Après quoi, j’ai uni le triangle formé par les mots Cagle, Snow et restes de Lancaster au crâne retrouvé à la ferme. Ferme où des ossements d’ours et des plumes d’oiseau avaient également été découverts. Je les ai donc ajoutés à mon diagramme et entourés d’un rond. J’ai tracé une ligne allant du diagramme à J. J. Wyatt, ainsi qu’une autre aboutissant au groupe Brian Aiker et Charlotte Grant Cobb.
Terminé. J’ai regardé mon œuvre : une toile d’araignée avec des noms éparpillés ici ou là.
Est-ce que je n’étais pas en train de relier des choses qui n’avaient rien à voir entre elles ? Des personnes et des lieux qui n’étaient pas assortis ? Plus je réfléchissais, plus je m’énervais de me trouver face à tant de lacunes.
Retour à l’ordinateur.
Les victimes potentielles. Brian Aiker. Tombé dans un lac et mort noyé. Ni le crâne de la fosse d’aisances ni le squelette de Lancaster n’étaient les siens.
J’étais sur le point de le barrer de cette catégorie quand une pensée m’a retenue. Pourquoi Aiker avait-il été retrouvé sur le siège arrière ?
La question n’étant pas insoluble, je suis partie à la recherche de la réponse.
Larabee s’était installé dans la salle qui pue.

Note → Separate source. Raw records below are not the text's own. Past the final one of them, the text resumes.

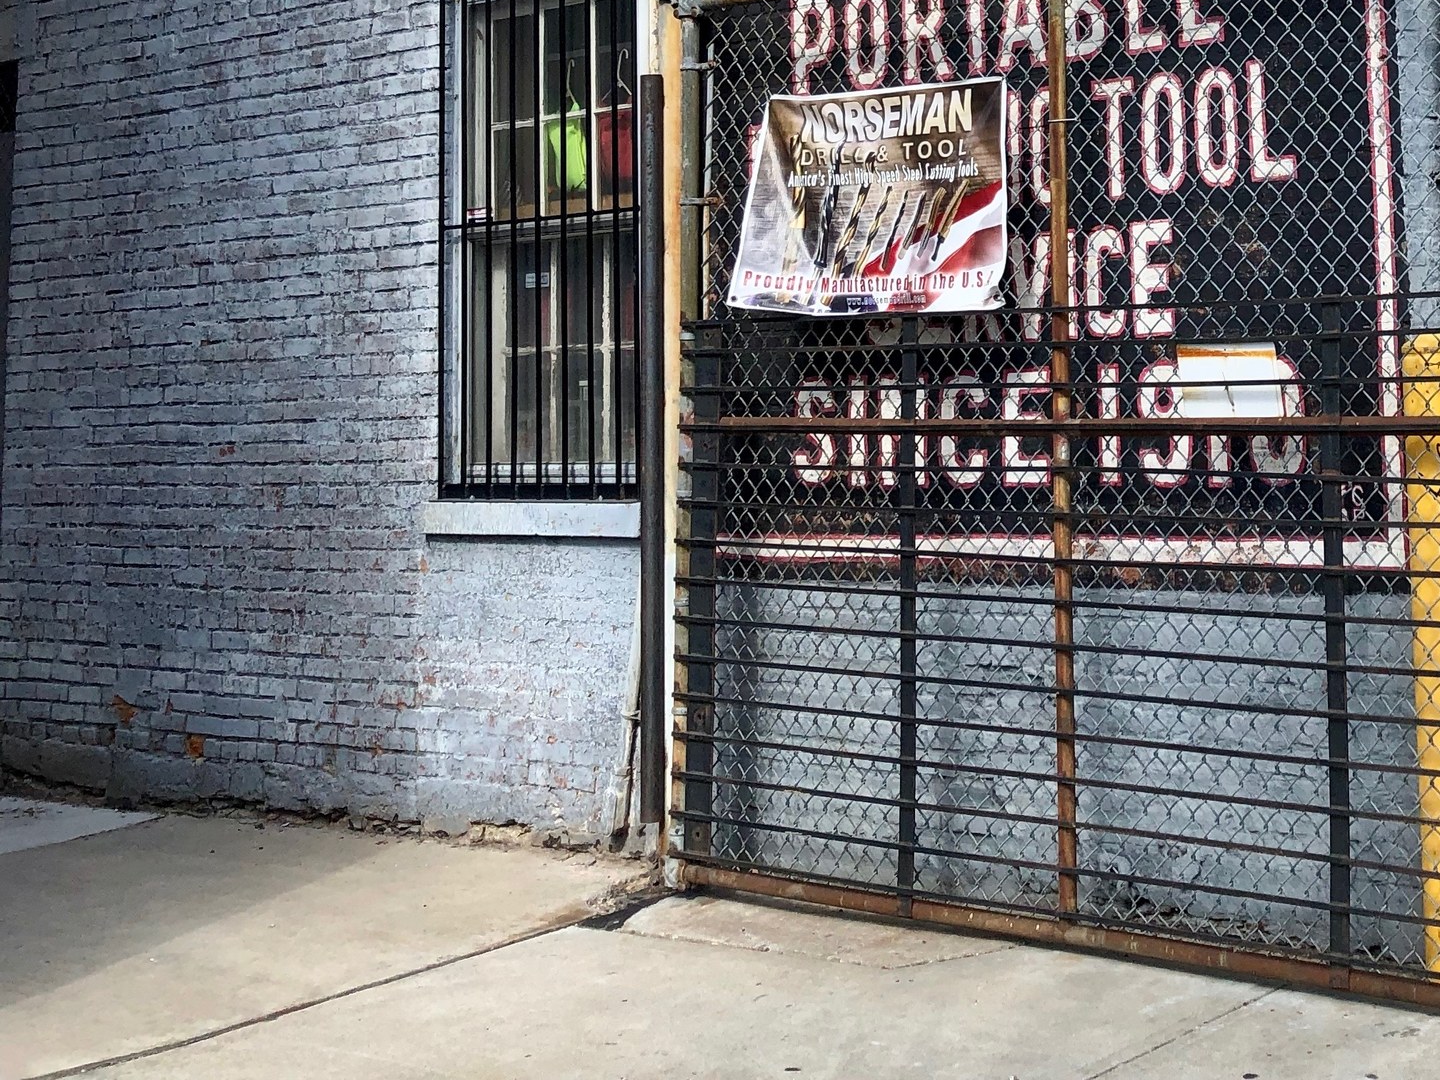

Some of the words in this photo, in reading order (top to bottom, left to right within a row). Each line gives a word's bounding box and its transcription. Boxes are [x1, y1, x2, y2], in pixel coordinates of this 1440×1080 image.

[801, 89, 973, 144] NORSEMAN
[1089, 59, 1298, 201] TOOL
[800, 147, 866, 166] DRILL
[876, 145, 889, 162] &
[902, 139, 968, 160] TOOL
[876, 164, 900, 187] Speed
[903, 161, 923, 182] Steel
[925, 160, 955, 183] Cutting
[957, 157, 979, 178] Tools
[743, 270, 814, 293] Proudly
[820, 273, 909, 293] Manufactured
[931, 271, 955, 290] the
[792, 365, 1053, 489] SINCE

À peine entrée, j’ai compris pourquoi : l’odeur du corps était pestilentielle.
Aiker avait la peau d’un marron vert olive que l’exposition à l’air n’embellissait pas. La plus grande partie de ses chairs avait l’aspect de la cire à embaumer.
Ce qui restait de ses poumons était découpé en tranches et réparti sur une planche en liège au pied de la table d’autopsie. D’autres organes en décomposition reposaient sur le plateau d’une balance.

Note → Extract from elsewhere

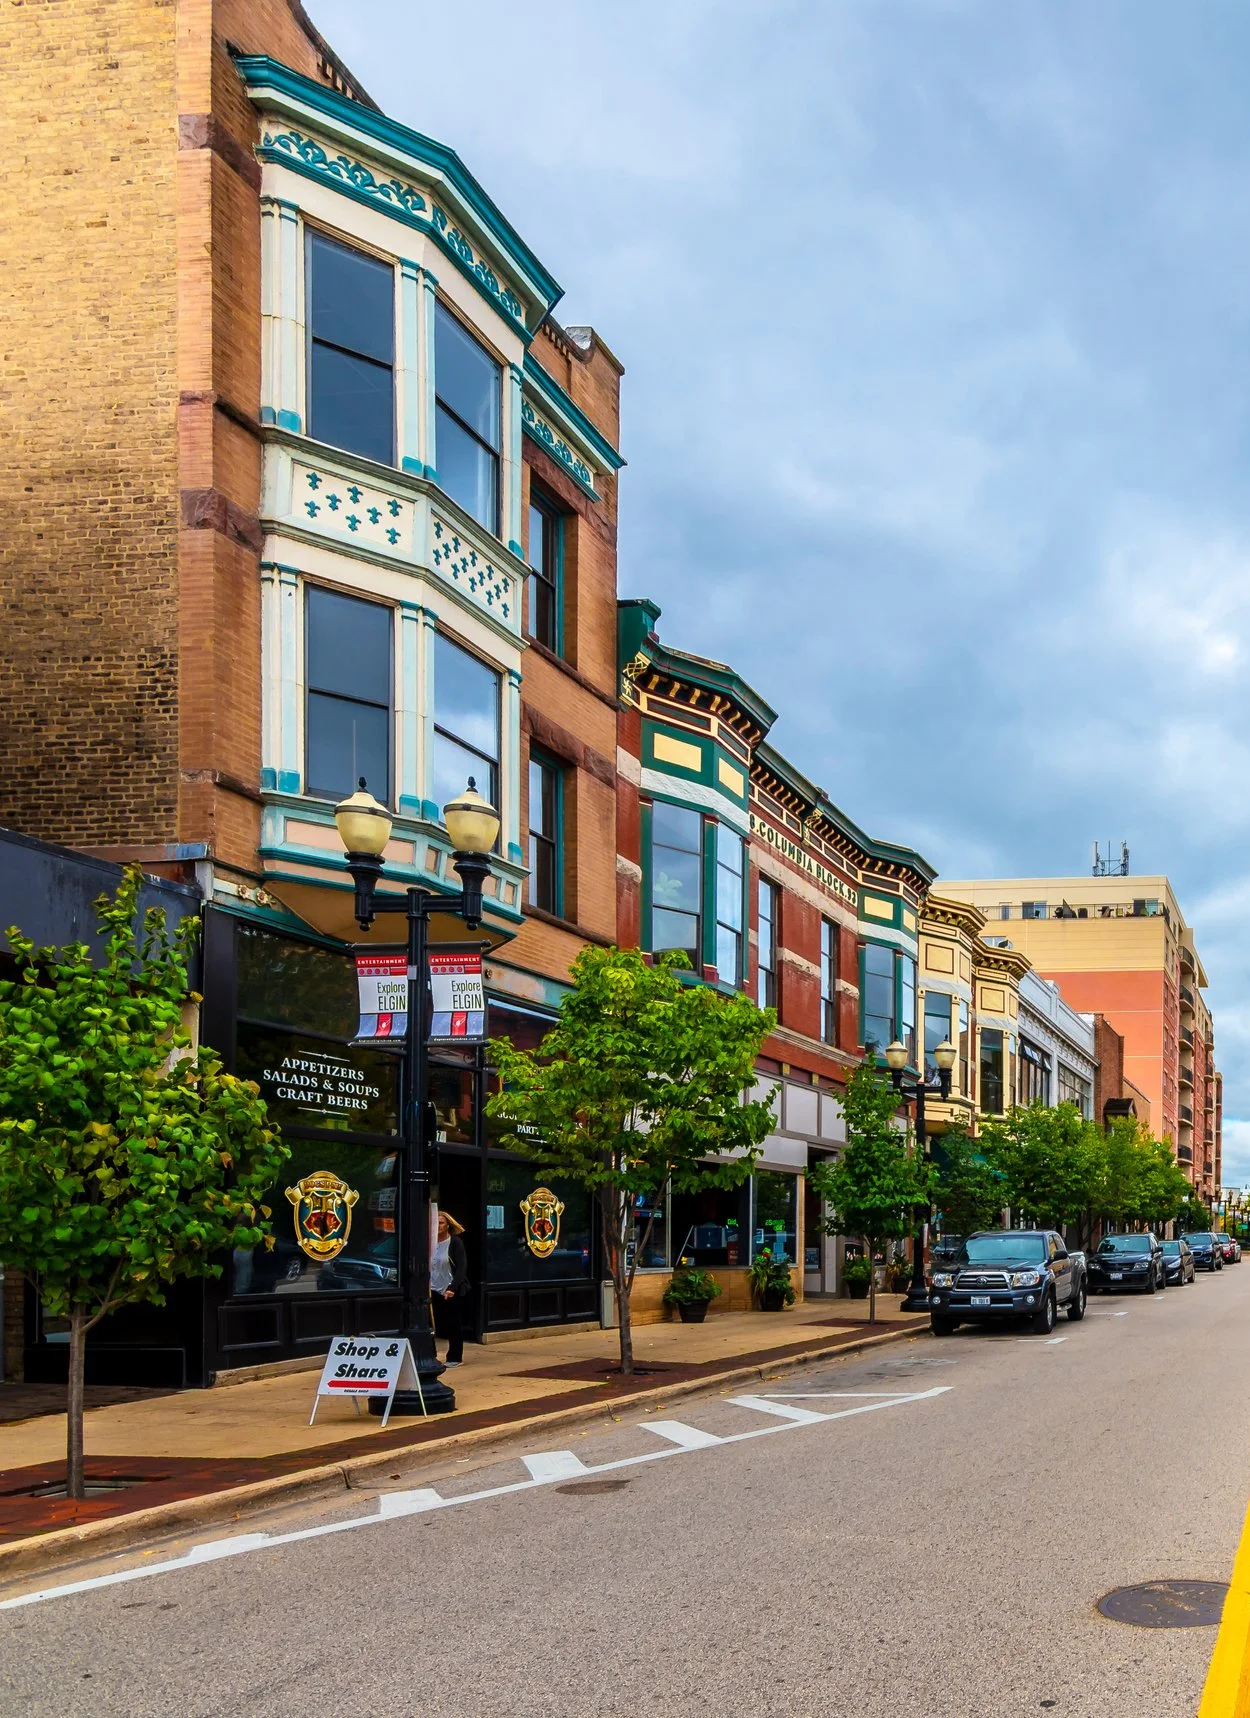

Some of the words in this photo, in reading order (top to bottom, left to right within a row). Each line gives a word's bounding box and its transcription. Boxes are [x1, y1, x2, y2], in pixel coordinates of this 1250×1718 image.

— Ça va comme vous voulez ? ai-je demandé entre deux inspirations.
— Vaste formation d’adipocire : poumons effondrés et pourris. Liquide putréfié dans les voies respiratoires.
Larabee avait l’air aussi frustré que moi.

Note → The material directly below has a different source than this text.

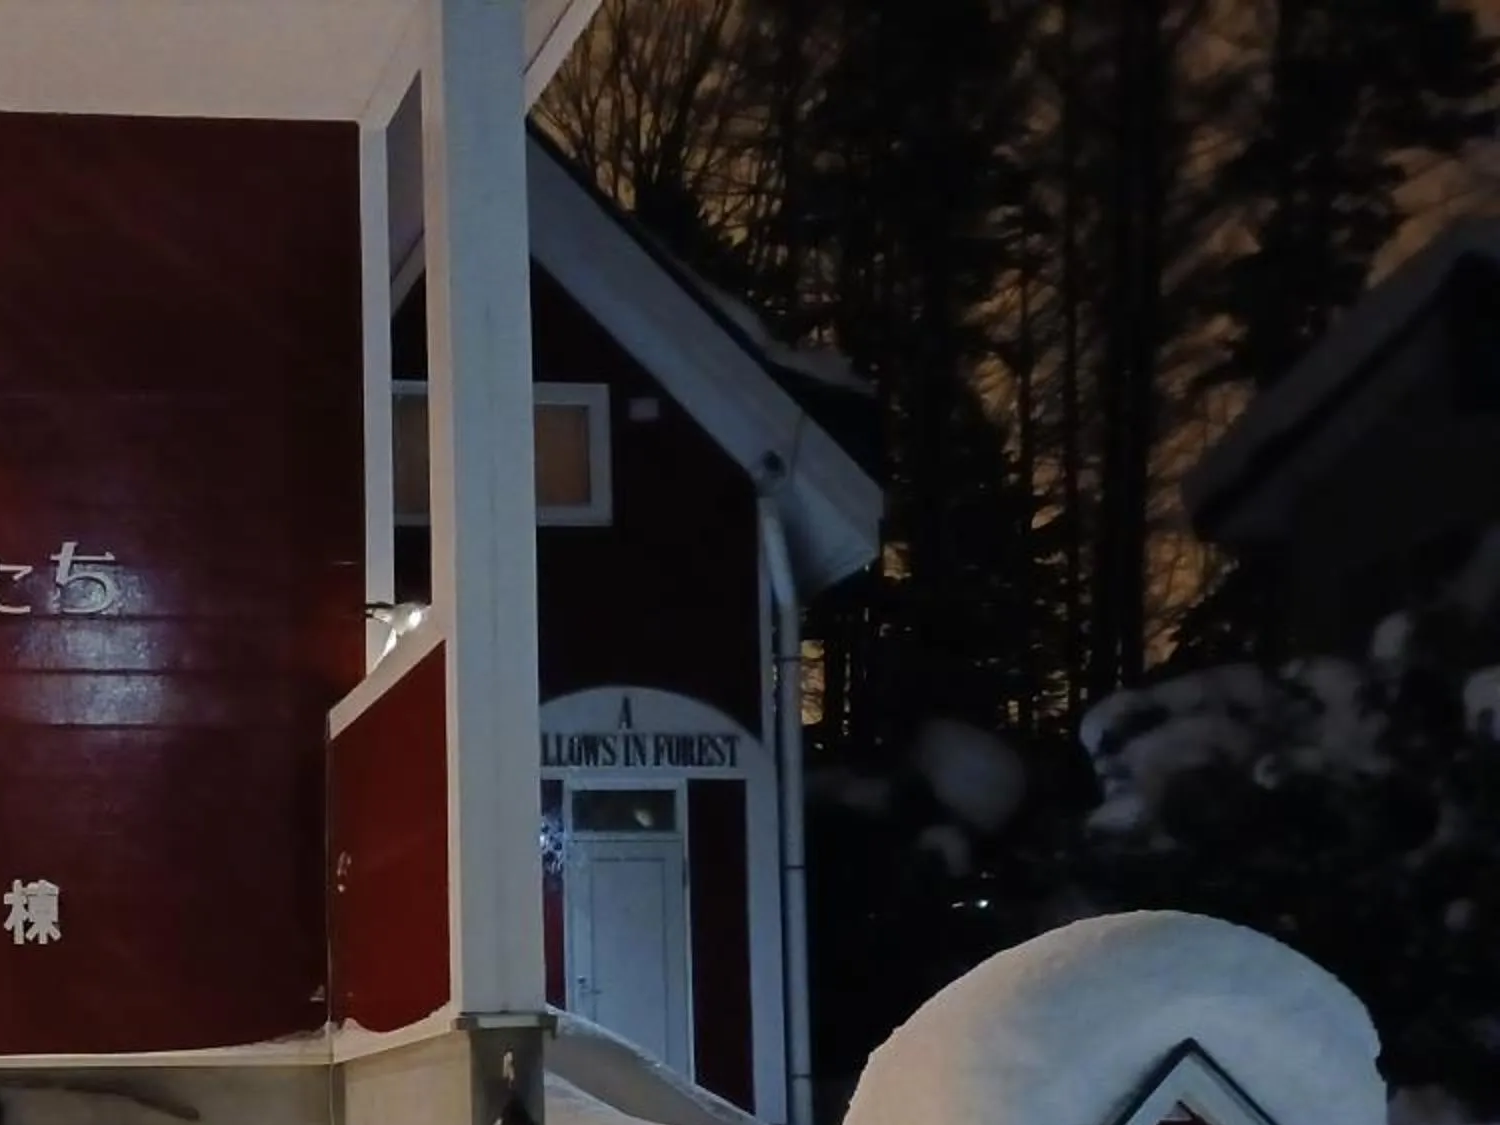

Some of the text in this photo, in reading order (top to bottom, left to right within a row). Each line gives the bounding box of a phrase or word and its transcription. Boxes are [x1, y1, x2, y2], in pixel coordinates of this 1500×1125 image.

[618, 696, 633, 729] A
[622, 733, 647, 767] IN
[652, 734, 739, 768] FOREST
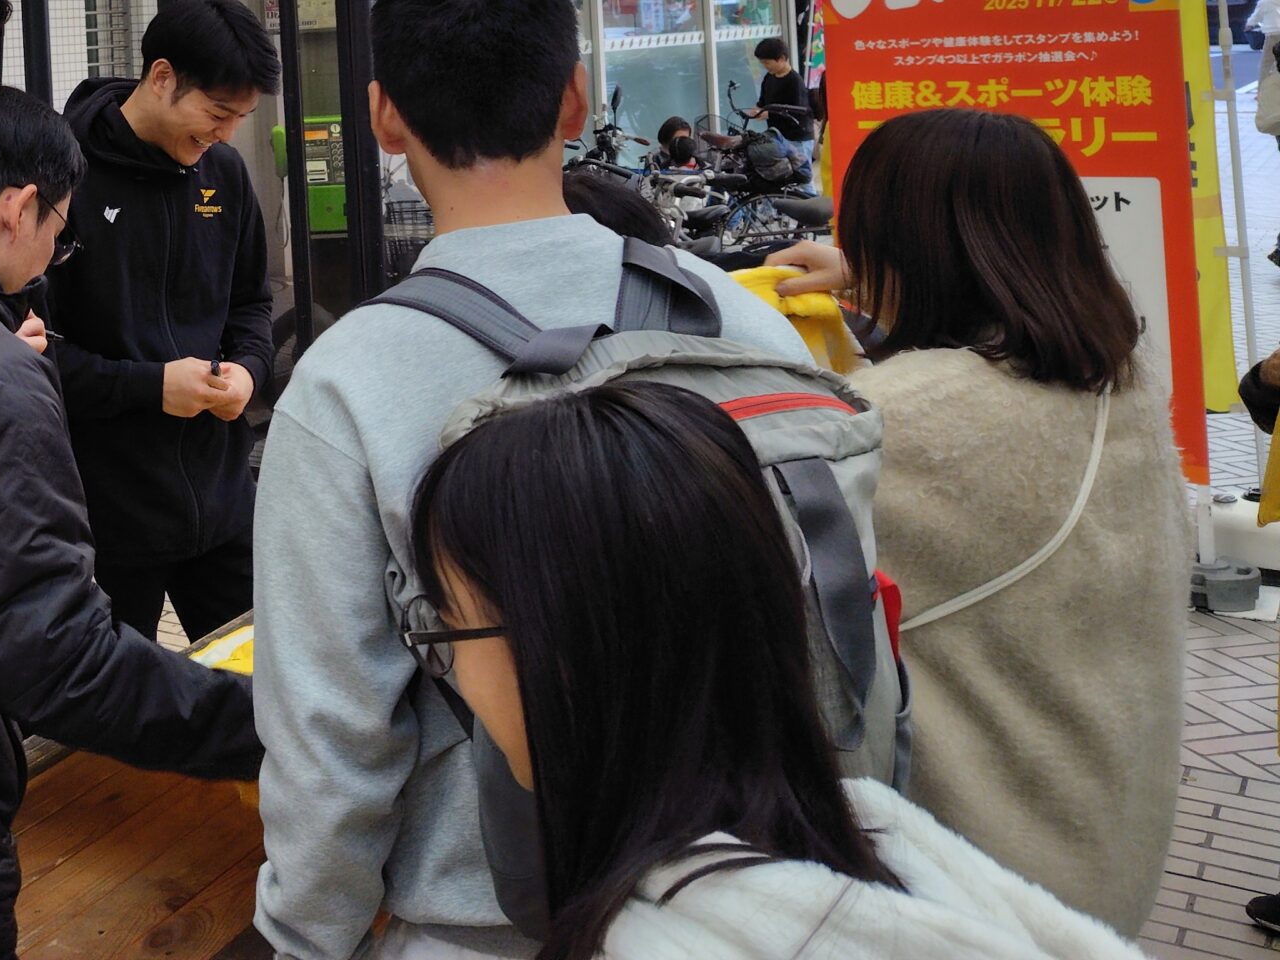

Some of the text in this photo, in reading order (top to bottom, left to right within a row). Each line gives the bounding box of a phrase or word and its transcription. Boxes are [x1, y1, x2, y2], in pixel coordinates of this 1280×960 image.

— On dirait que les alvéoles qui contenaient de l’air se sont dilués, mais c’est peut-être un effet dû aux bulles d’air.
J’ai attendu qu’il finisse d’exprimer le contenu de l’estomac dans une fiole et qu’il la remette à Jœ Hawkins pour m’enquérir :
— Noyade accidentelle ?
— Pour l’heure, rien ne me permet d’en douter. Les ongles sont cassés, les mains portent des traces qui ressemblent à des écorchures. Le malheureux a dû essayer de briser un carreau.
— Est-ce qu’il existe un moyen de savoir en toute certitude si la mort est due à la noyade ?
— Pas facile après cinq ans dans le bouillon. Je suppose que je pourrais faire une recherche de diatomées.
— C’est quoi ?
— Les micro-organismes qu’on trouve dans le plancton et les sédiments, en eau douce comme dans la mer. Ces petites bêtes traînent dans le coin depuis le Big Bang ou presque. Elles sont des milliards. Certains sols ne sont même constitués que de ça. Vous n’avez jamais entendu parler de la terre de diatomée ?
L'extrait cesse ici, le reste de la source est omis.